UNITE & DIVIDE
DEAR READERS OF RUPERTO CAROLA,
It is easier to split an atom than to stamp out prejudice” – this quote by Albert Einstein offers an inkling of the extraordinary breadth of topics that you will encounter in the latest edition of our research journal, entitled UNITE & DIVIDE. From the natural sciences and medicine to the humanities and the social sciences, the theme of UNITE & DIVIDE is a focus of research at Heidelberg University. There is widespread concern that the COVID-19 pandemic might have caused a permanent division of our society – with direct implications for science, from an exaggerated belief in the power of science, on the one hand, to the complete denial of scientific findings by another part of the population. How do we handle it when people will only accept facts that confirm their own beliefs, and the willingness to engage in real dialogue seems to wither away? What are the consequences for our social life and for our mental health, when any form of physical proximity is suddenly associated with danger? What happens to a community when some of its members no longer feel bound by rules?
Besides exploring these questions, the 18th edition of our RUPERTO CAROLA re-search journal reports on new findings in the life sciences, in physics and chemistry, and offers insights into topics such as antigypsyism research, corporate law, medical ethics and Middle East research. An interest in science and scholarship, and pleasure in gaining new knowledge – these are traits that the readers of our journal share with the researchers at Heidelberg University. With this in mind, let me wish all of us a stimulating and rewarding reading experience!
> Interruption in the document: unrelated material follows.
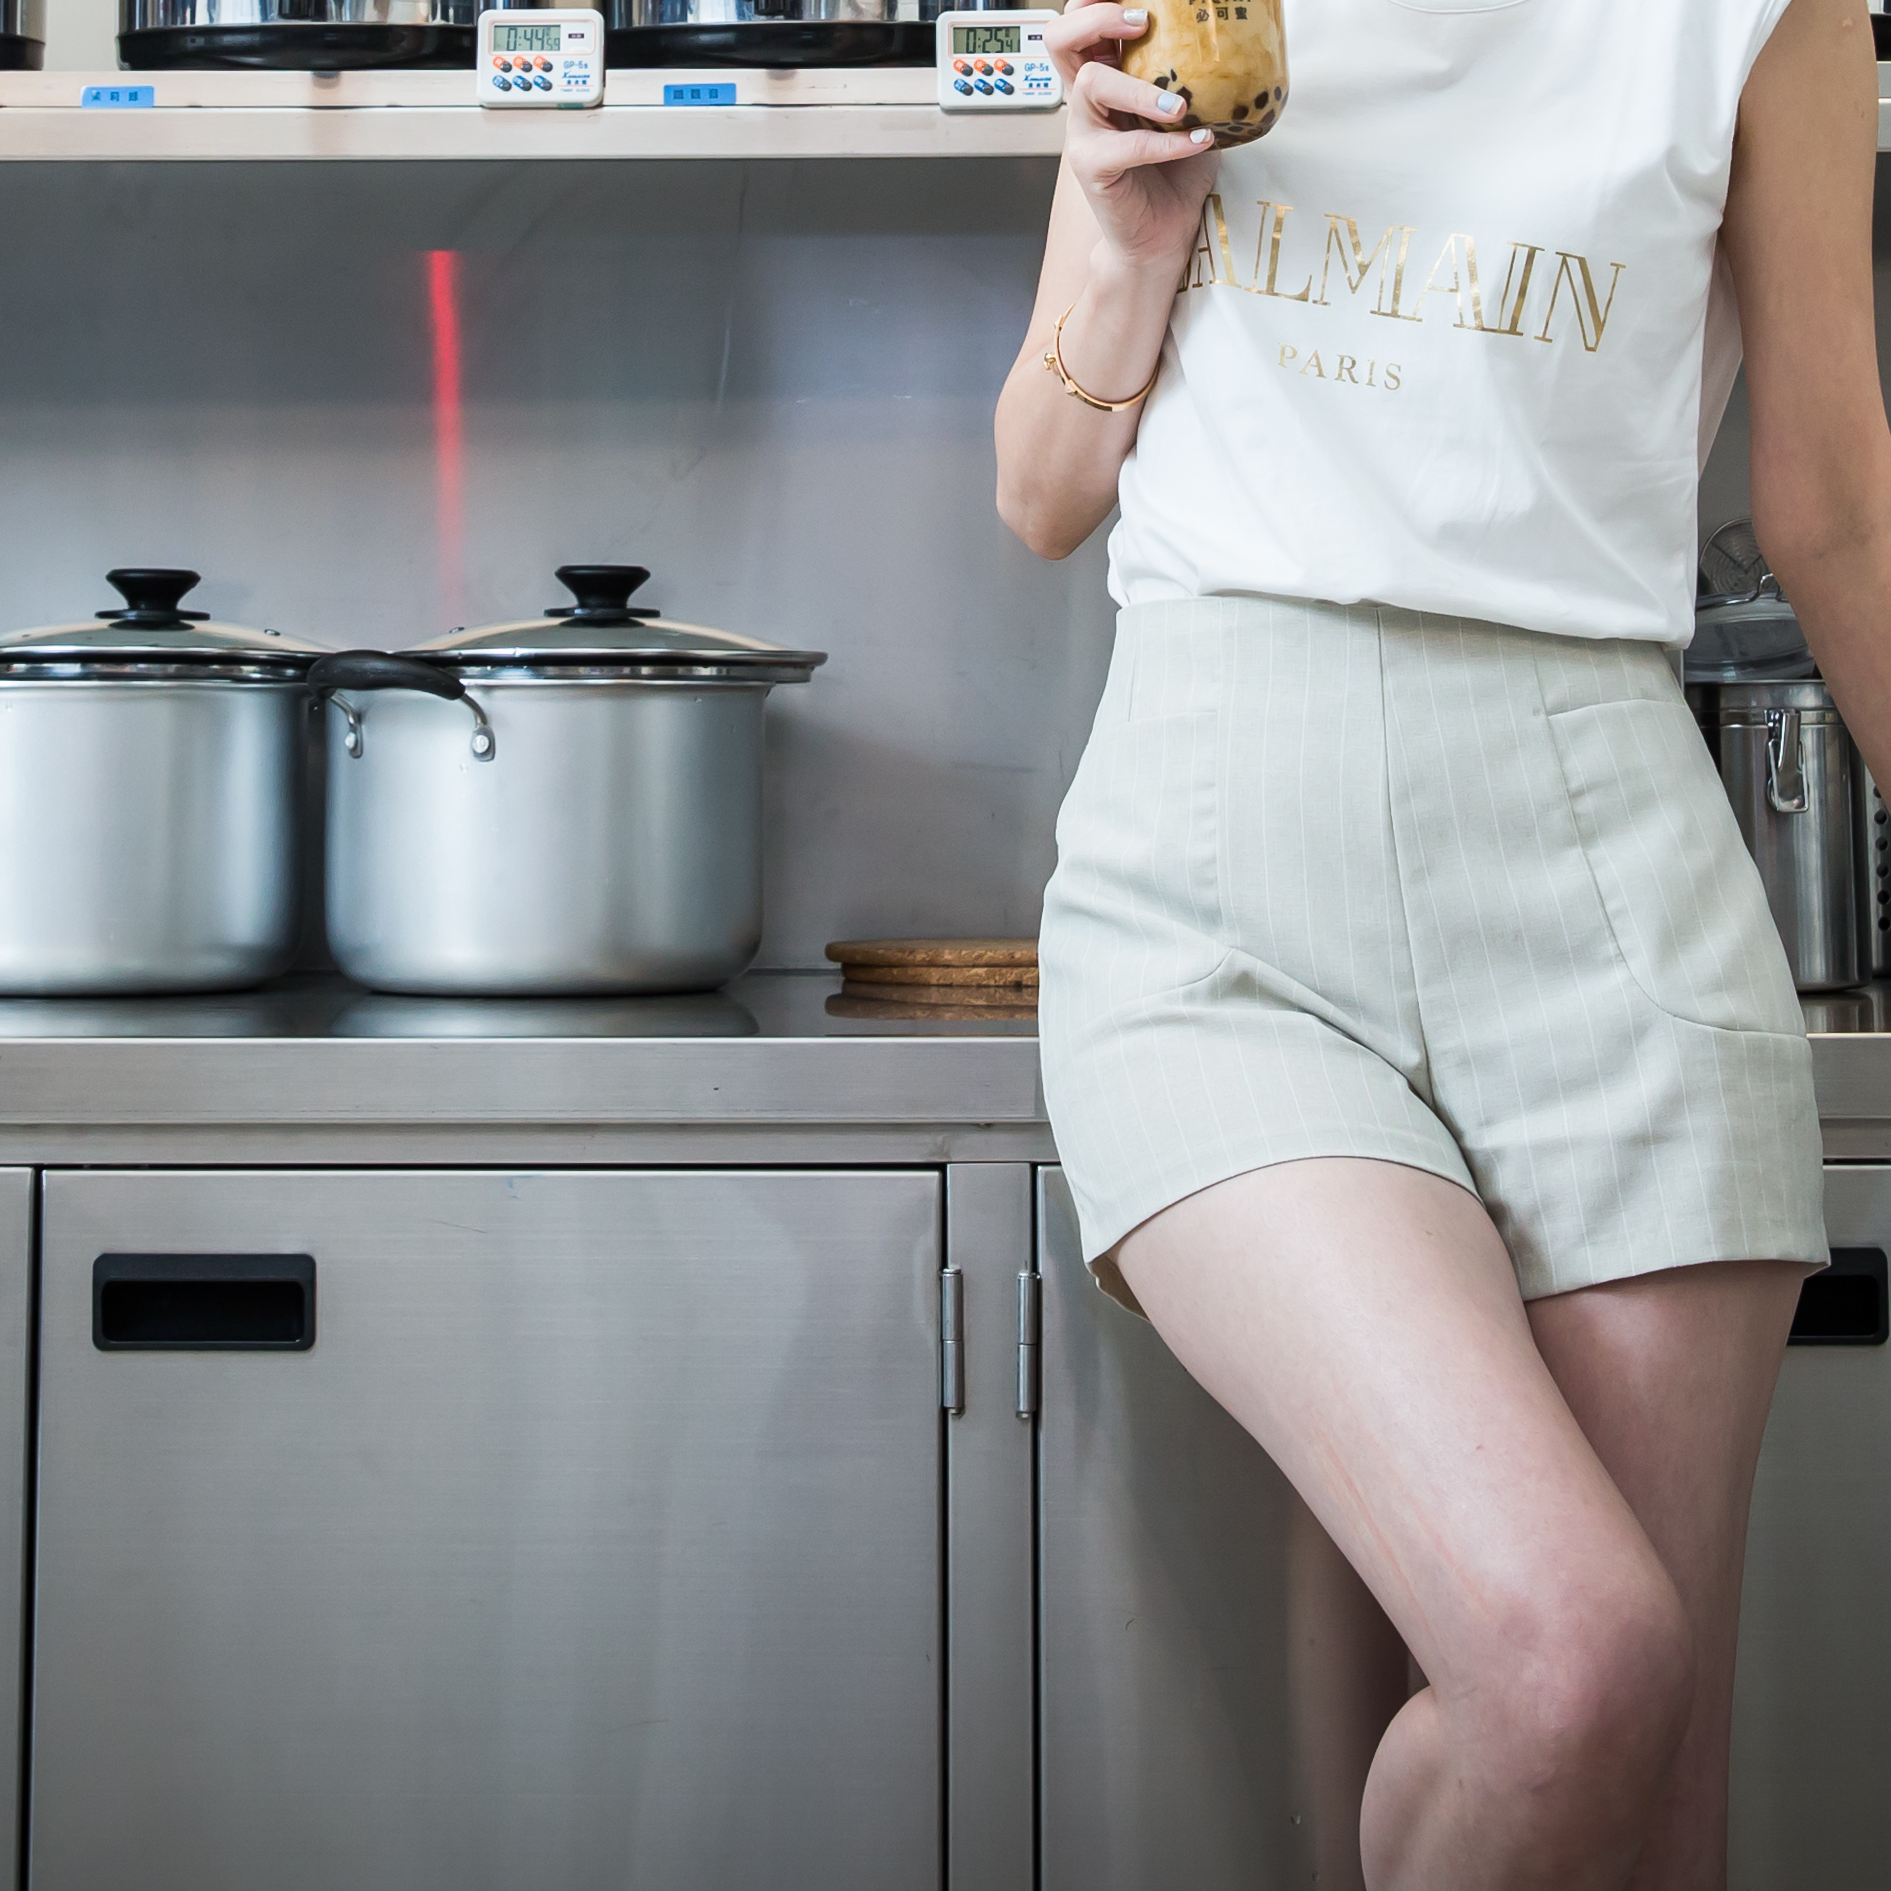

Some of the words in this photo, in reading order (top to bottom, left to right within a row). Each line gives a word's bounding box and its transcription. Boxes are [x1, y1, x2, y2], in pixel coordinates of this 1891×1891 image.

Prof. Dr Dr h.c. Bernhard Eitel
Rector of Heidelberg University
- Interview with Christiane von Stutterheim and Matthias Weidemüller: Babel and bubbles. What holds the world together?
- Hilmar Bading: Hoping for separation. A fateful bond
- Jochen Kuhse: The whole and it's parts. The battle against oblivion
- Bernd Bukau: Cellular lines of defence. Molecular chaperones at work
- Beate Ditzen, Monika Eckstein and Thomas Klein: Social distancing. When relationships turn dangerous
- Maike Rotzoll: A constant threat. Places of misery
- Peter Kirsch, Hanno Kube and Reimut Zohlnhöfer: Self-Empowerment. A society divided by mistrust
- Bettina Rentsch and Marc-Philippe Weller: Capital and society. Profit maximisation and the common good
- Edgar Wolfrum: Epochal change. United and yet still divided?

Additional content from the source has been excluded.